Prove equivalence relation

**oldguynewstudent** · June 23rd 2010, 09:26 AM

Please critique the following proof and also let me know if I have defined the equivalence classes correctly.

Let $f:A\longrightarrow B$ . Define a relation $\equiv$ on A by $a_{1}\equiv a_{2}$ iff $f(a_{1})=f(a_{2})$ . Give a quick proof that this is an equivalence relation. What are the equivalence classes? Explain intuitively.

Proof: Test reflexive for $\equiv$ . If $a\in A$ then $(a,a)\in A$ : Given f is a funcion then $f(a_{1})=f(a_{1})$ implies $a_{1}\equiv a_{1}$ because two different values in the domain cannot be mapped to the same value in the range. Therefore $(a_{1},a_{1})\in A$ .

Test symmetric: Let $a_{1}\equiv a_{2}$ where $(a_{1},a_{2})\in A$ . Then we know $f(a_{1})=f(a_{2})$ . But because = is symmetric we know $f(a_{2})=f(a_{1})$ and since $\equiv$ is defined with iff, we know $a_{2}\equiv a_{1}$ which implies $(a_{2},a_{1})\in A$ .

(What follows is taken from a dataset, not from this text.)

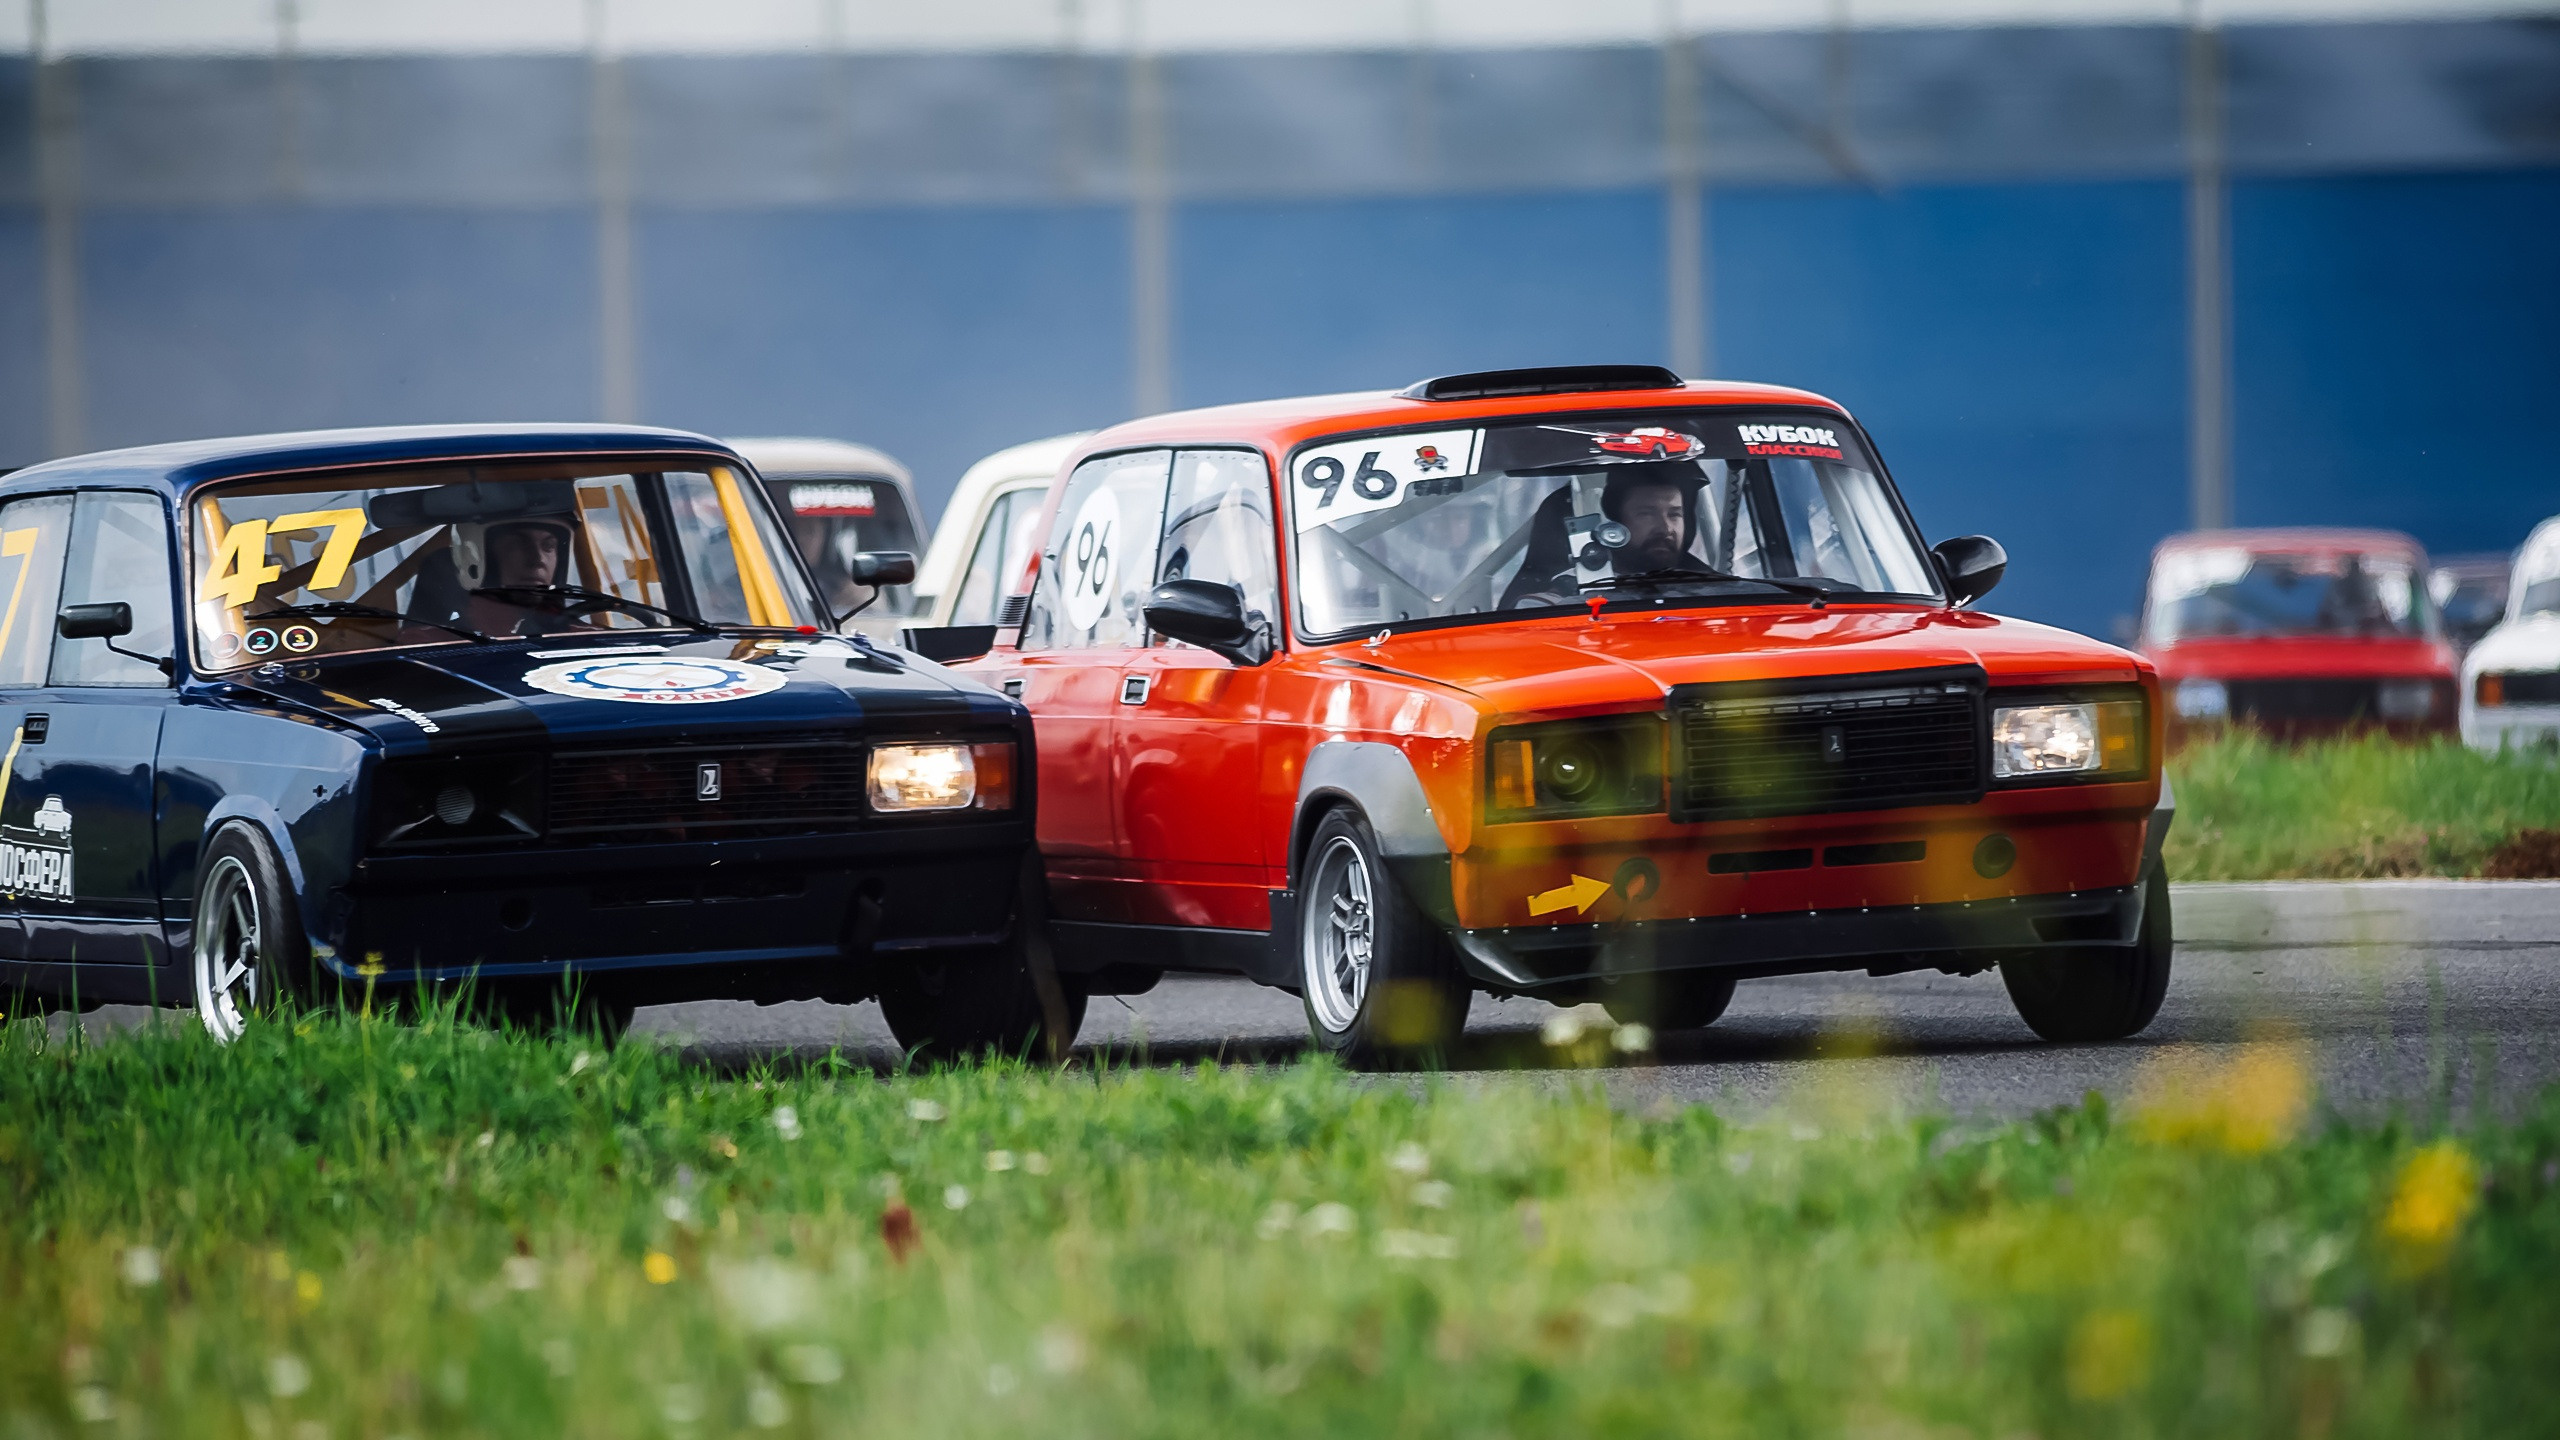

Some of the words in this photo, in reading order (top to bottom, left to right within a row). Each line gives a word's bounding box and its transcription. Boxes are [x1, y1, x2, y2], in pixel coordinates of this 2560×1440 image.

Test transitive: Let $a_{1}\equiv a_{2}$ and $a_{2}\equiv a_{3}$ where $(a_{1},a_{2})(a_{2},a_{3})\in A$ . Then we know $f(a_{1})=f(a_{2})$ and $f(a_{2})=f(a_{3})$ . Because = is transitive we know $f(a_{1})=f(a_{3})$ , but because $\equiv$ is defined with iff, we can conclude that $a_{1}\equiv a_{3}$ . So $(a_{1},a_{3})\in A$ .QED

The equivalence classes in A would be the sets $\{(a_{i},a_{j})\in A$ such that $a_{i}=a_{j})$ .

**Ackbeet** · June 23rd 2010, 09:38 AM

I agree with everything except your intuitive characterization of the equivalence classes.

**MoeBlee** · June 23rd 2010, 09:53 AM

Originally Posted by oldguynewstudent

Proof: Test reflexive for $\equiv$ . If $a\in A$ then $(a,a)\in A$

I think you mean ' $\equiv$ ' , not 'A', as the last symbol there? I.e., this is what we want to prove.

Originally Posted by oldguynewstudent

Given f is a funcion then $f(a_{1})=f(a_{1})$ implies $a_{1}\equiv a_{1}$ because two different values in the domain cannot be mapped to the same value in the range.

No, that is backwards (as well as, though it is irrelevant to the actual proof, you can't assume f is an injection as you have).

All you need to say is that if a=a then f(a)=f(a) so a $\equiv$ a.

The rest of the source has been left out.